Data supplied below:

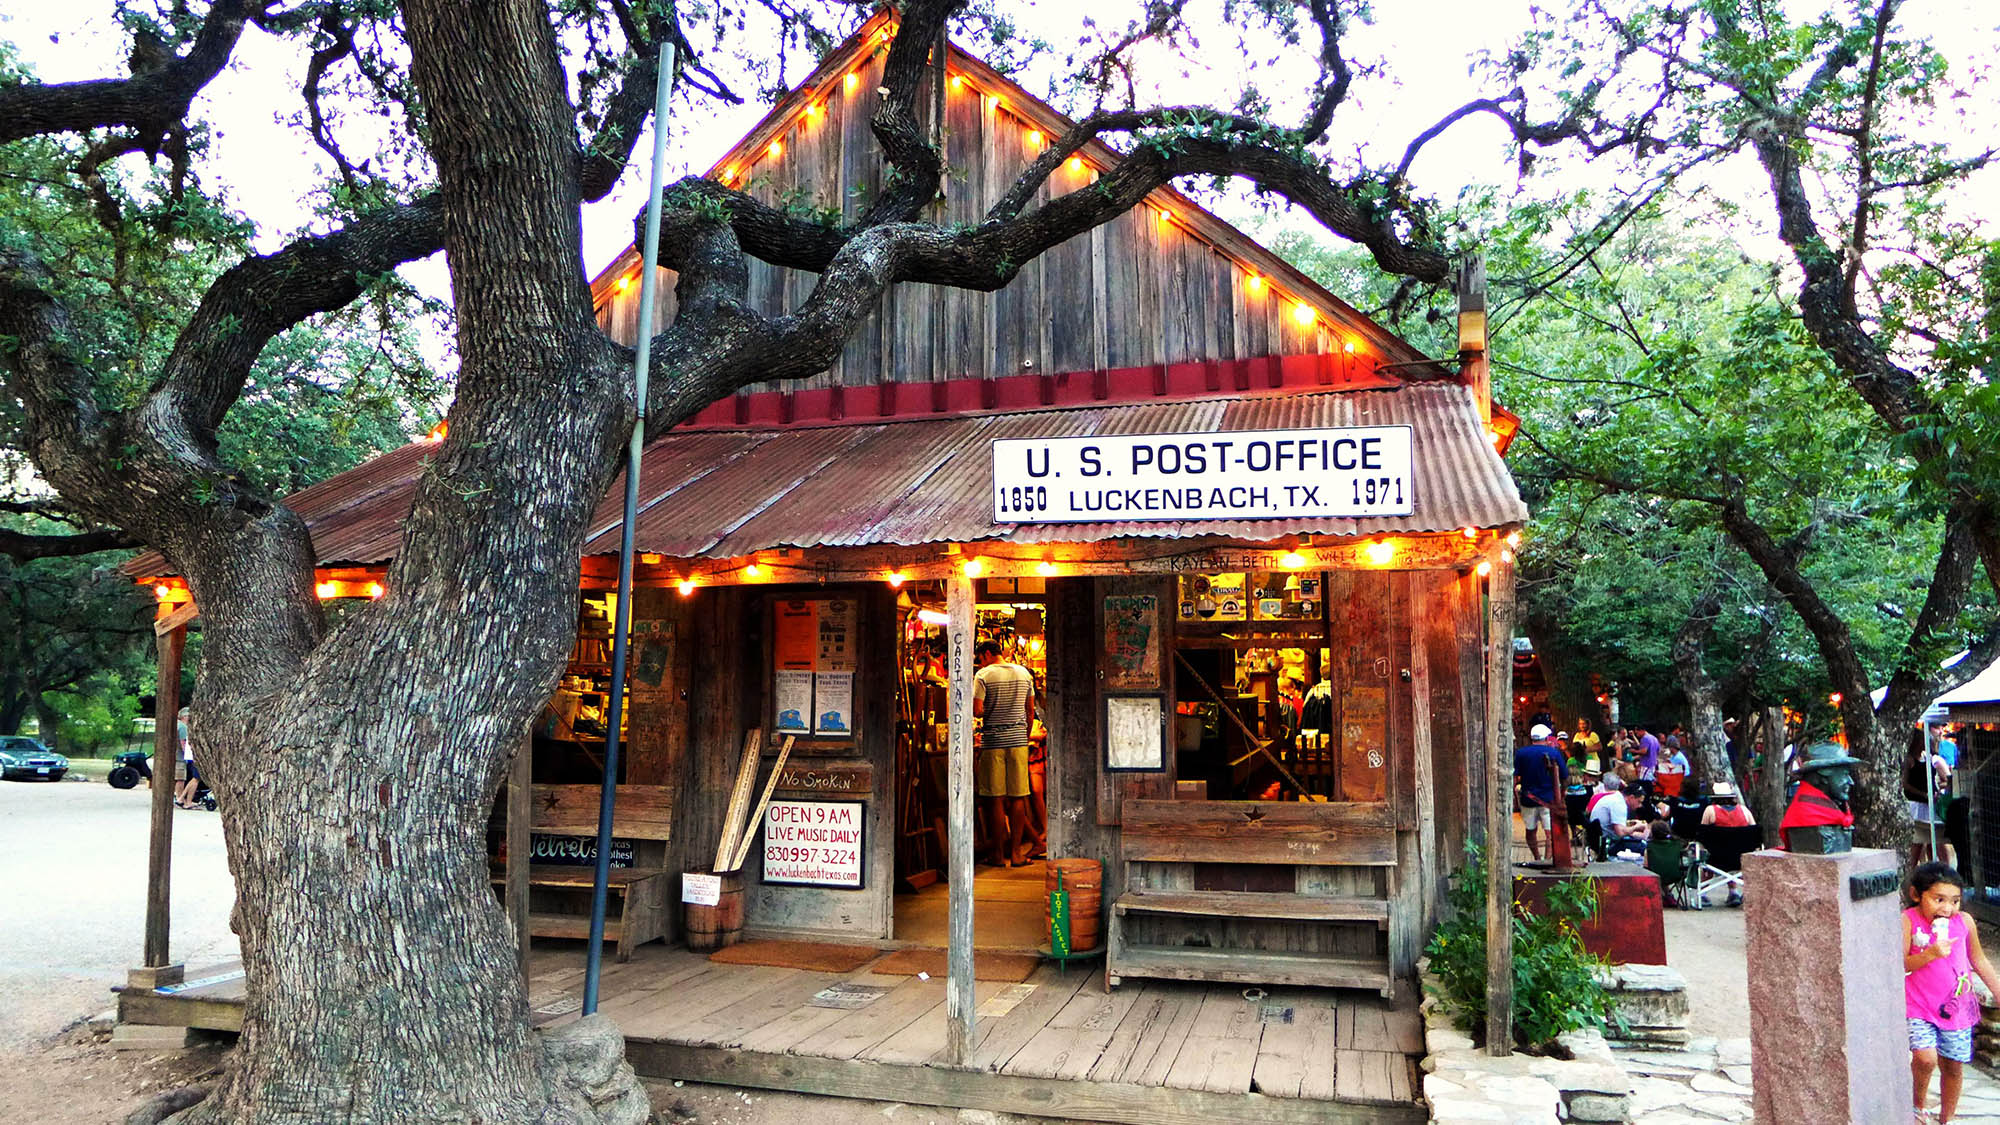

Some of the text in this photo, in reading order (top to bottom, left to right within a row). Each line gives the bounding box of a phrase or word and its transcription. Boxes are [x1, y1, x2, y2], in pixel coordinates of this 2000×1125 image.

[1027, 437, 1381, 478] U. S. POST-OFFICE
[1000, 486, 1046, 513] 1850
[1353, 477, 1403, 505] 1971
[780, 771, 799, 786] No
[770, 806, 811, 823] OPEN
[829, 809, 851, 825] AM
[767, 827, 860, 843] LIVE MUSIC DAILY

End of Data supplied.

- _Exercise_: Verbatim copy with pictures excluded: write out the records above in full.

- _Answer to this exercise_:
Some of the text in this photo, in reading order (top to bottom, left to right within a row). Each line gives the bounding box of a phrase or word and its transcription. Boxes are [x1, y1, x2, y2], in pixel coordinates of this 2000×1125 image.

[1027, 437, 1381, 478] U. S. POST-OFFICE
[1000, 486, 1046, 513] 1850
[1353, 477, 1403, 505] 1971
[780, 771, 799, 786] No
[770, 806, 811, 823] OPEN
[829, 809, 851, 825] AM
[767, 827, 860, 843] LIVE MUSIC DAILY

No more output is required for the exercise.